Extending grace to our children

“My grace is sufficient for you, for my power is made perfect in weakness.”

2 Corinthians 12:9

So here we are trying to navigate our way through toddlerhood! Our daughter is just shy of 15 months and has some VERY big emotions going on. The last couple of days have been tough. My husband and I feel emotionally and physically exhausted as we try to be what she needs the most. Warm, loving and compassionate parents who remain a constant no matter what is thrown our way. And boy, is this one of the most challenging things we have ever had to do!

When our children have continual emotional meltdowns, it is often difficult to keep our cool and focus on their needs. We question our parenting and where we may be going wrong. We ask “what about our needs?” What about OUR own feelings of frustration and helplessness. In these times of confusion and doubt, we must be reminded of the truth. The truth is that this is exactly how God intended it to be. He created children to be inquisitive, to learn and develop specific skills little by little over many years. He designed children to push boundaries and to be completely dependable on their parents ALL OF THE TIME, especially in those first few years. As parents, it is our role to nurture and encourage their learning by extending the same grace that God extends to us, His children.

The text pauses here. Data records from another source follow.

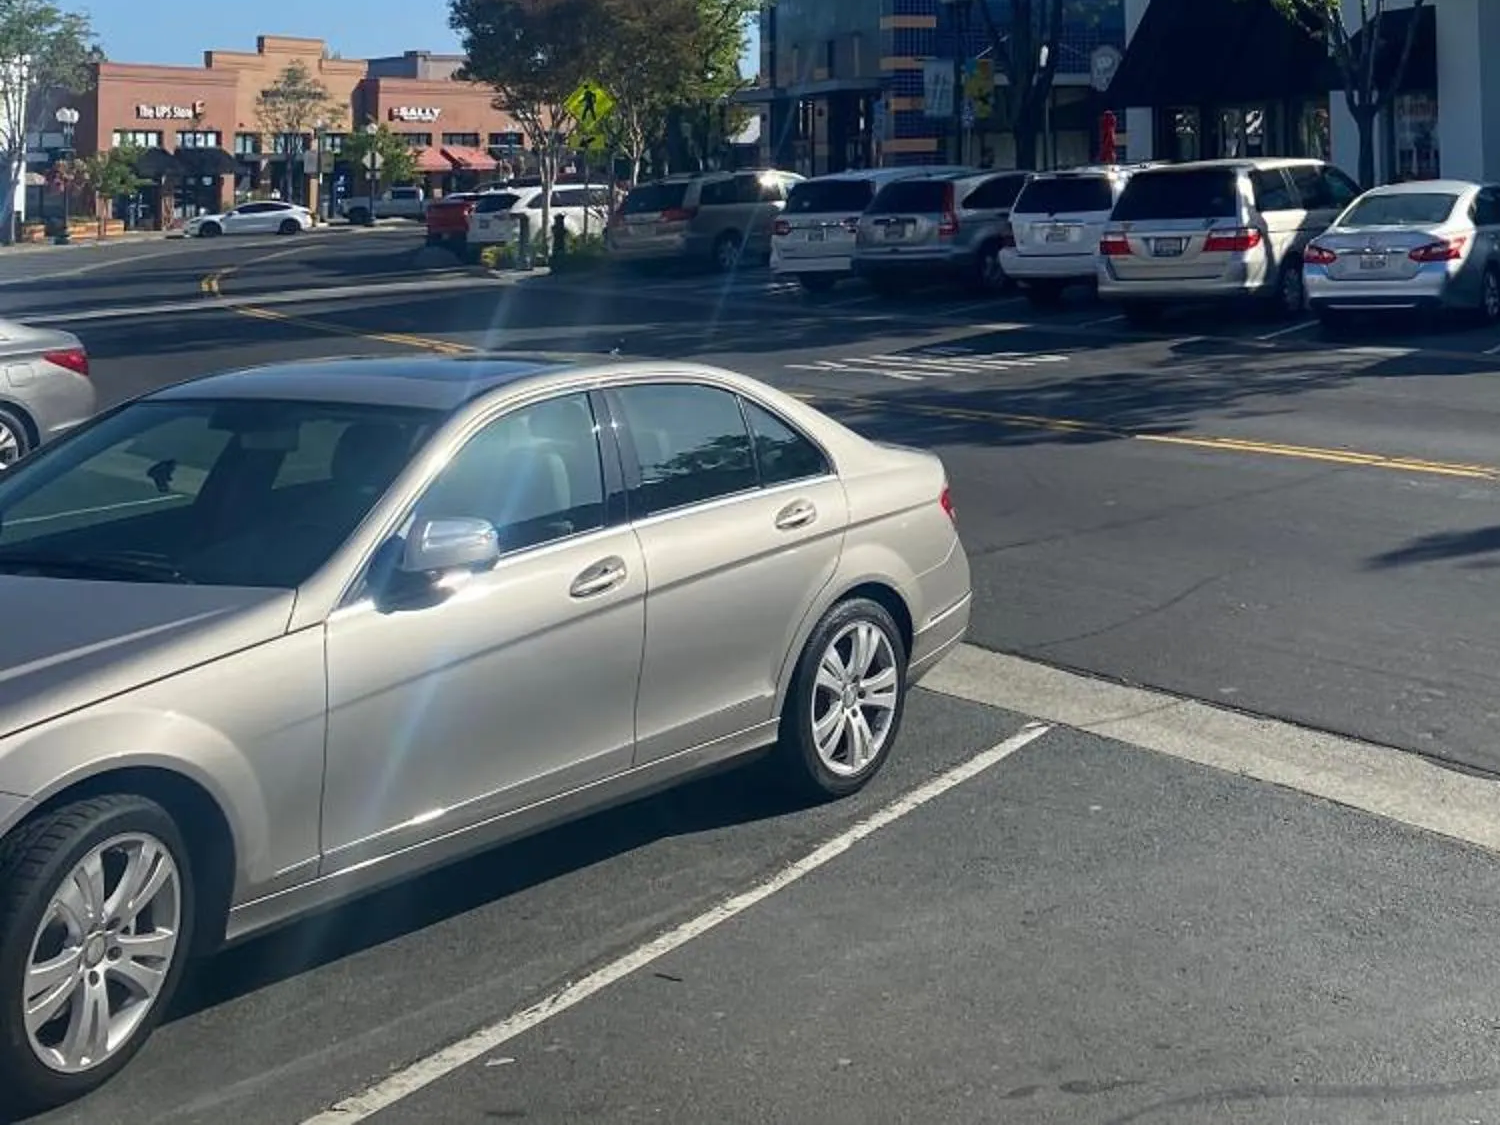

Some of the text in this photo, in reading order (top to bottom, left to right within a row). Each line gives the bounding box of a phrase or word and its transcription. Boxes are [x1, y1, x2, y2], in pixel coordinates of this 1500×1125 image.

[139, 104, 193, 118] The UPS Store
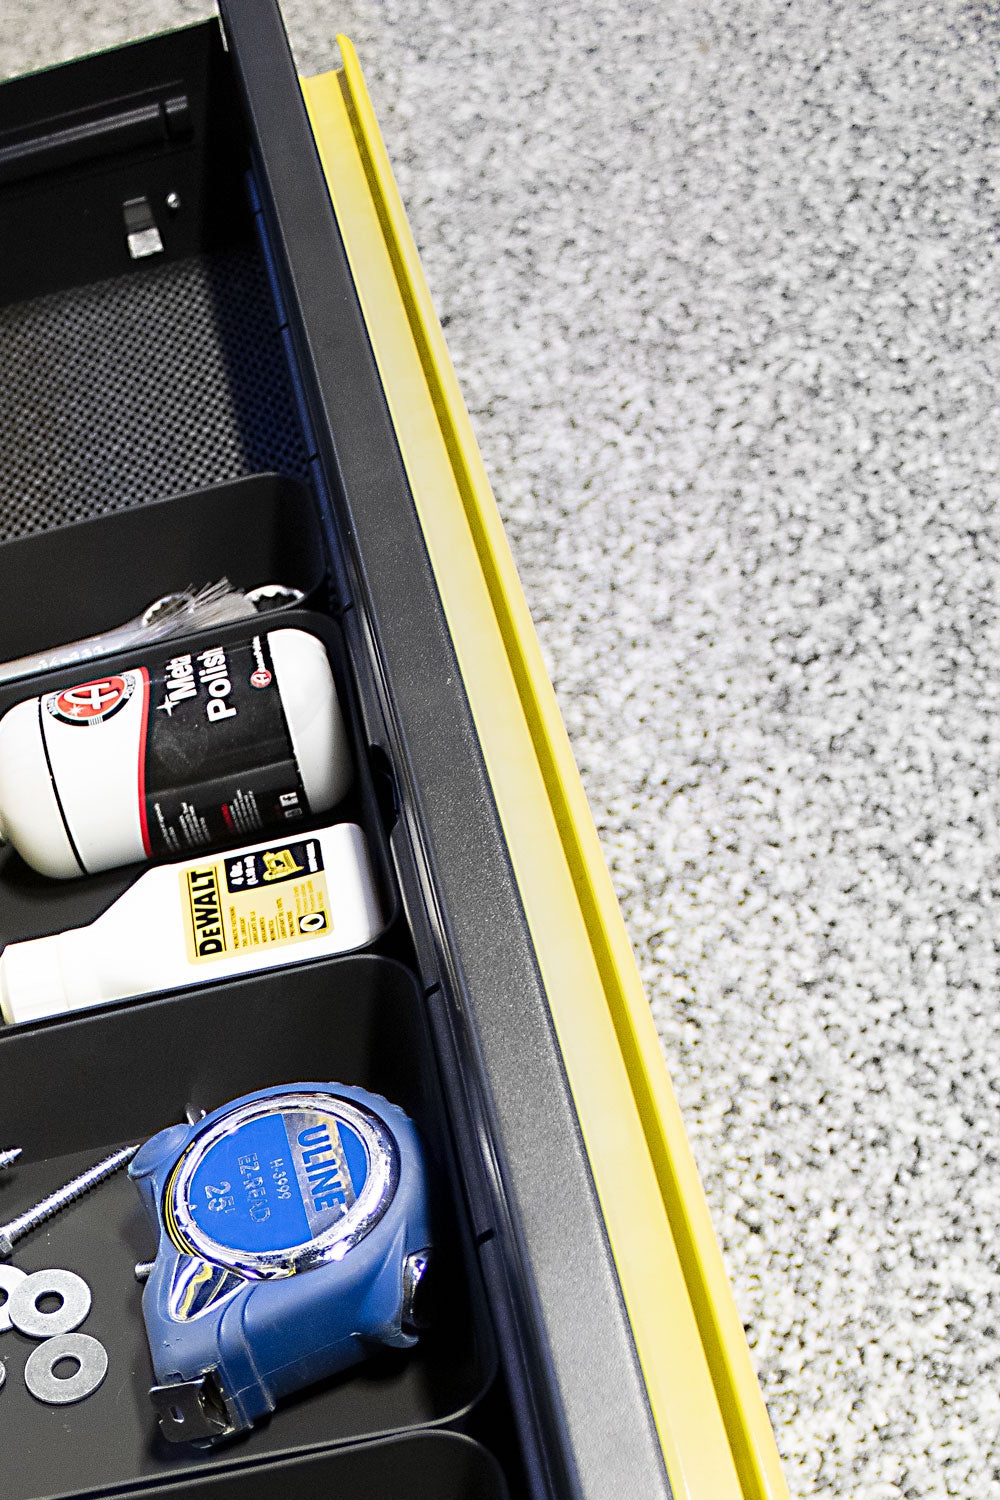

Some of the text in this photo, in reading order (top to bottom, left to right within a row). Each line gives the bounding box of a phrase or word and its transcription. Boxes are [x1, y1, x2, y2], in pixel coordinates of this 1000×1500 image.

[197, 647, 237, 721] Polish
[237, 1152, 271, 1223] EZ-READ
[270, 1158, 292, 1200] H-3999
[297, 1123, 346, 1212] ULINE

So what is grace? In simple terms, grace is receiving something we don’t deserve but desperately need. For example, when our daughter is having an emotional meltdown like the one we described earlier, our initial thought may be “would you just stop!” At the time, it seems like a very logical and normal reaction to have, especially when patience is being stretched beyond limits and boundaries are being pushed. But if we sit with this for a few seconds and think about how Jesus would respond to our needs, it would never be in this manner. Jesus would respond to this undeserving circumstance in a loving and calm manner. He would say “I can see that you are struggling. How can I help you with what you are going through?”

Even as our children grow older and gain their independence, parenthood is a marathon and our responsibility will always remain. We are to love them. To nurture them. To guide them. To train them. And this requires ALL of our emotional, mental, spiritual and physical strength. But how do we remain consistent, emotionally available, nurturing and loving day in and day out? Only by the grace of God. By extending the same grace towards our children the way Christ does for us! Because WE ARE ALL His children! By responding to our children with grace we are accepting them as they are. We are saying to them that they matter and that we love them no matter what. And when young children grow up surrounded by the grace of God, it is only natural that they, in turn will want to seek God themselves. And this is ultimately God’s design for all of us.

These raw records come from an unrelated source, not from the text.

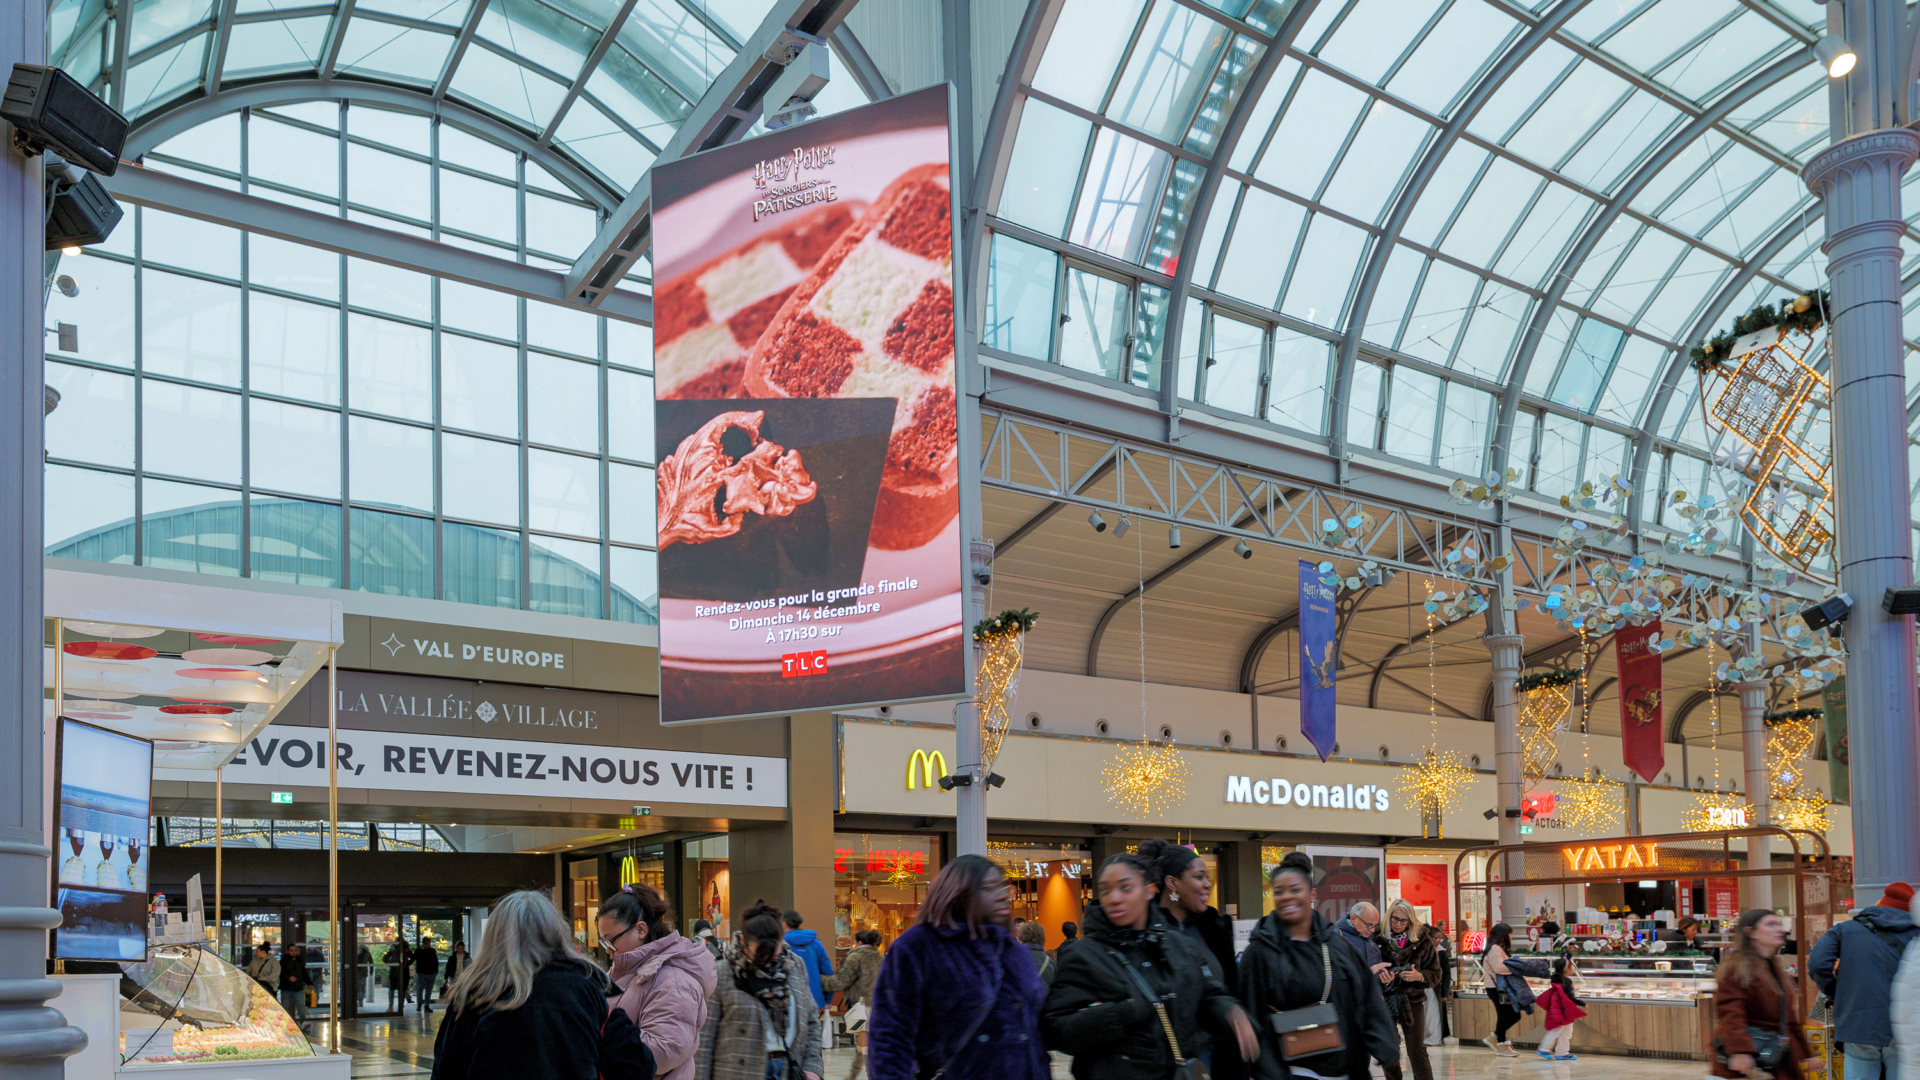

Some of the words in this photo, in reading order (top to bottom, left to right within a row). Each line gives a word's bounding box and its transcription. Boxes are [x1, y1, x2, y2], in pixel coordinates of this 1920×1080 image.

[752, 156, 793, 189] Harry
[793, 145, 836, 182] Potter
[753, 184, 838, 222] PÂTISSERIE
[695, 599, 776, 618] Rendez-vous
[778, 595, 809, 610] pour
[811, 590, 825, 602] la
[826, 583, 876, 602] grande
[878, 577, 919, 594] finale
[729, 611, 794, 631] Dimanche
[796, 609, 811, 622] 14
[813, 602, 881, 620] décembre
[766, 628, 776, 644] À
[779, 625, 819, 642] 17h30
[821, 625, 843, 637] sur
[413, 638, 454, 658] VAL
[463, 643, 564, 669] D'EUROPE
[783, 653, 827, 675] TLC
[337, 690, 370, 713] LA
[378, 693, 473, 720] VALLÉE
[501, 703, 598, 729] VILLAGE
[383, 744, 659, 786] REVENEZ-NOUS
[671, 762, 733, 790] VITE
[746, 767, 753, 791] !
[1226, 775, 1389, 811] McDonald's
[1562, 843, 1658, 871] YATAI

So does my husband and I always respond gracefully towards our daughter? Certainly not. Are there days when we fall short? Absolutely! But little by little, as we invite Jesus into our daily (at times hourly) lives, extending grace becomes easier. It takes patience. It takes practice. We will always fall short as parents which is why we must be reminded that we are not expected nor should we try to do parenthood in our own strength. God is always with us! Corinthians 12:9 tells us, “His power is made perfect in weakness.” This simply means that when we do fall short, we only need to call unto Jesus and He will always provide us with His grace and His mercy to be exactly who we need to be for our children.

If you are anything like me, I would find myself feeling guilty, in condemnation and feeling like an awful mother. A failure. But God thinks differently! He says to me, “You are equipped.” “You are the fearfully and wonderfully made.” “You are loved.” “You are cherished.” “You are MY child and I will give you strength, grace and wisdom that surpasses all understanding.” If you find yourself stuck in condemnation, I encourage you to invite Jesus into the centre of your life. Every morning as you begin your day, you can say a short prayer:

Thank you Jesus that you are always with me. Thank you that today, you give me the wisdom when I am unsure of what to do. Thank you for your endless grace so I can pour out your love, your compassion and understanding towards our children. Thank you for your mercy when I make mistakes. Most importantly, thank you for our wonderful blessing, our children. For you love them even more than we do.

Parenthood is hard! And yet, God already knew all the challenges you would face. Just call on Him and you will see, the days will become noticeably easier because you will have a peace that surpasses all understanding. You are never alone. Jesus is always with you.